La structure du parc local indique la part de logements disposant d'une cave, d'un garage ou d'un vide sanitaire exploitable, et les données de Marcillé-Robert le montrent nettement. On relève 119 diagnostics publiés par l'ADEME, 79 % de propriétaires occupants, un rattachement intercommunal à CC Roche aux Fées Communauté, en zone climatique H2a. Ces valeurs ne décident d'aucun projet à elles seules, mais elles fixent l'ordre de grandeur dans lequel un chiffrage à Marcillé-Robert est crédible.
Le cas de référence retenu ici porte sur 120 m², en zone H2a : après un bouquet complet, la consommation recule d'environ 14 900 kWh par an, soit près de 1 600 € au tarif de référence. Côté financement, l'assiette est plafonnée à 40 000 € HT dès trois classes gagnées, l'aide ANAH s'échelonne de 4 000 € à 32 000 € selon le revenu fiscal de référence, et l'accompagnement obligatoire est pris en charge jusqu'à 2 000 €.

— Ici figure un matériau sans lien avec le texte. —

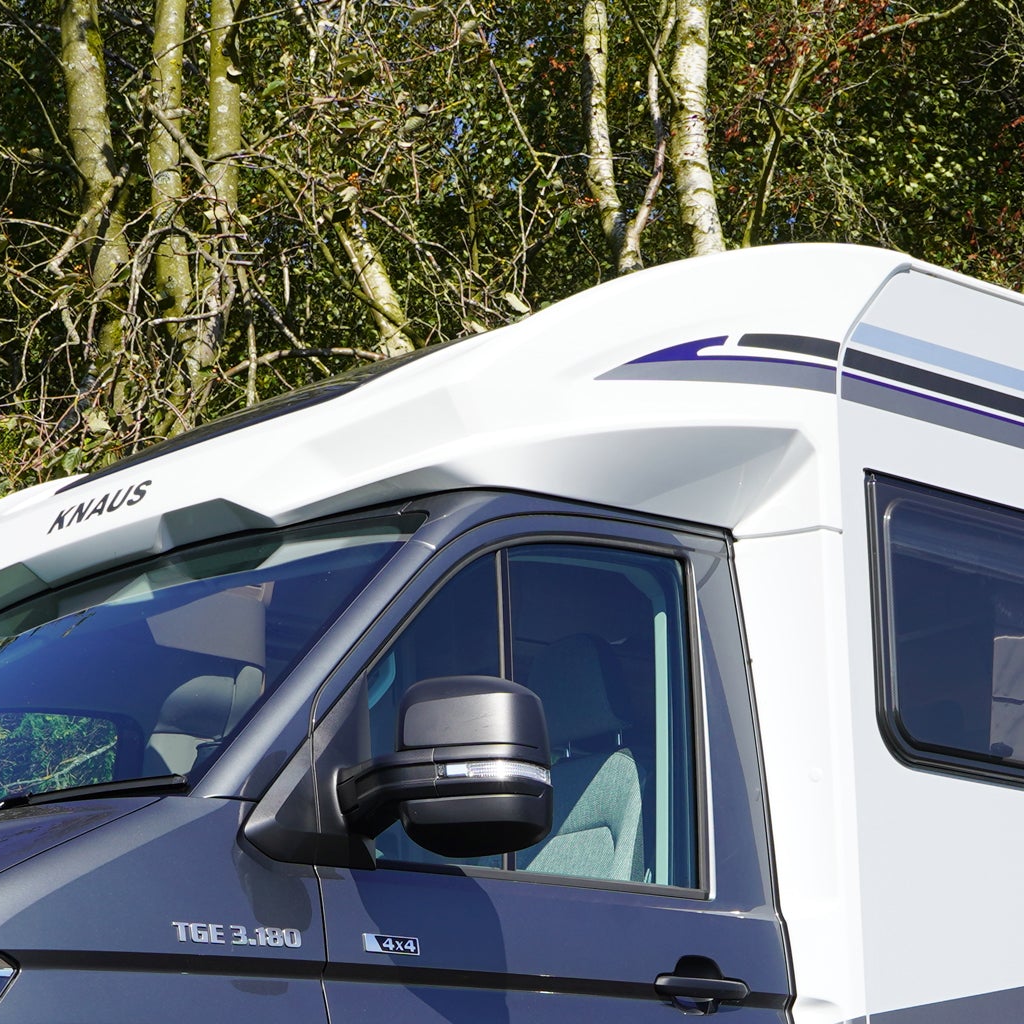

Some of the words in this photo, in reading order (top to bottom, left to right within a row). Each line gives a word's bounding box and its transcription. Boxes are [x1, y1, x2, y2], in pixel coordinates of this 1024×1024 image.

[46, 479, 153, 535] KNAUS
[172, 921, 226, 945] TGE
[230, 925, 302, 949] 3.180
[382, 937, 417, 953] 4x4

Solde du dossier à Marcillé-Robert : la pièce déterminante est le contrôle de continuité en périphérie. Sans elle, aucun versement, alors même que l'aide en jeu atteint 32 000 € au taux le plus favorable sur une assiette de 40 000 € HT.

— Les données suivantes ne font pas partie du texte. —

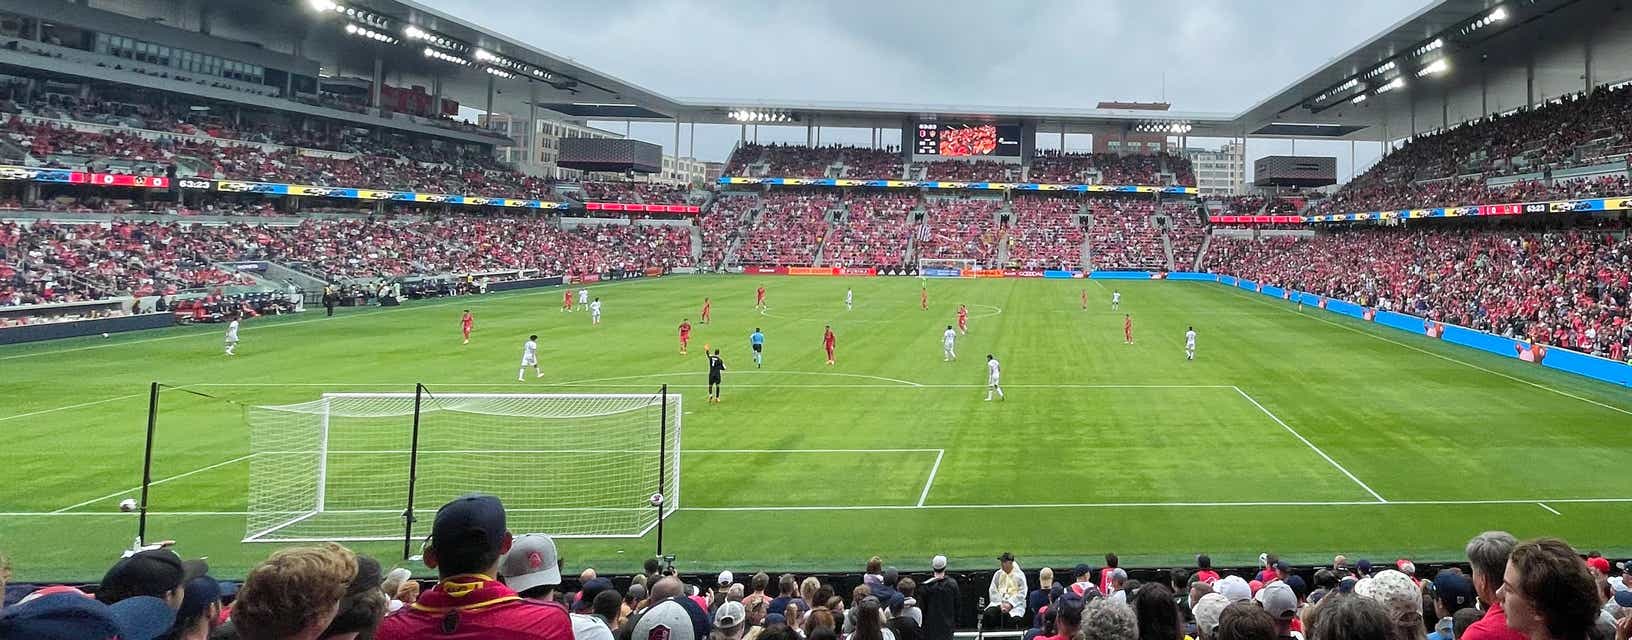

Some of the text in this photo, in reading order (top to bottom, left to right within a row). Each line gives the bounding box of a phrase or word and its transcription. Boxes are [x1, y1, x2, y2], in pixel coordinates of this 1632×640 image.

[104, 175, 162, 186] 0 0
[179, 180, 210, 188] 63:23

Quatre barèmes, quatre plans de financement à Marcillé-Robert : 32 000 € (bleu), 24 000 € (jaune), 18 000 € (violet) et 4 000 € (rose) sur 40 000 € HT. Le chiffrage de l'isolation du plancher bas ne prend son sens qu'une fois cette catégorie déterminée.
Point de vigilance financier à Marcillé-Robert : les canalisations non désolidarisées, qui interrompent la couche isolante. Une reprise représente 10 à 20 % du poste, soit 300 € à 600 €, sans nouvelle aide mobilisable — d'où l'intérêt d'un contrôle en cours de chantier plutôt qu'à la réception.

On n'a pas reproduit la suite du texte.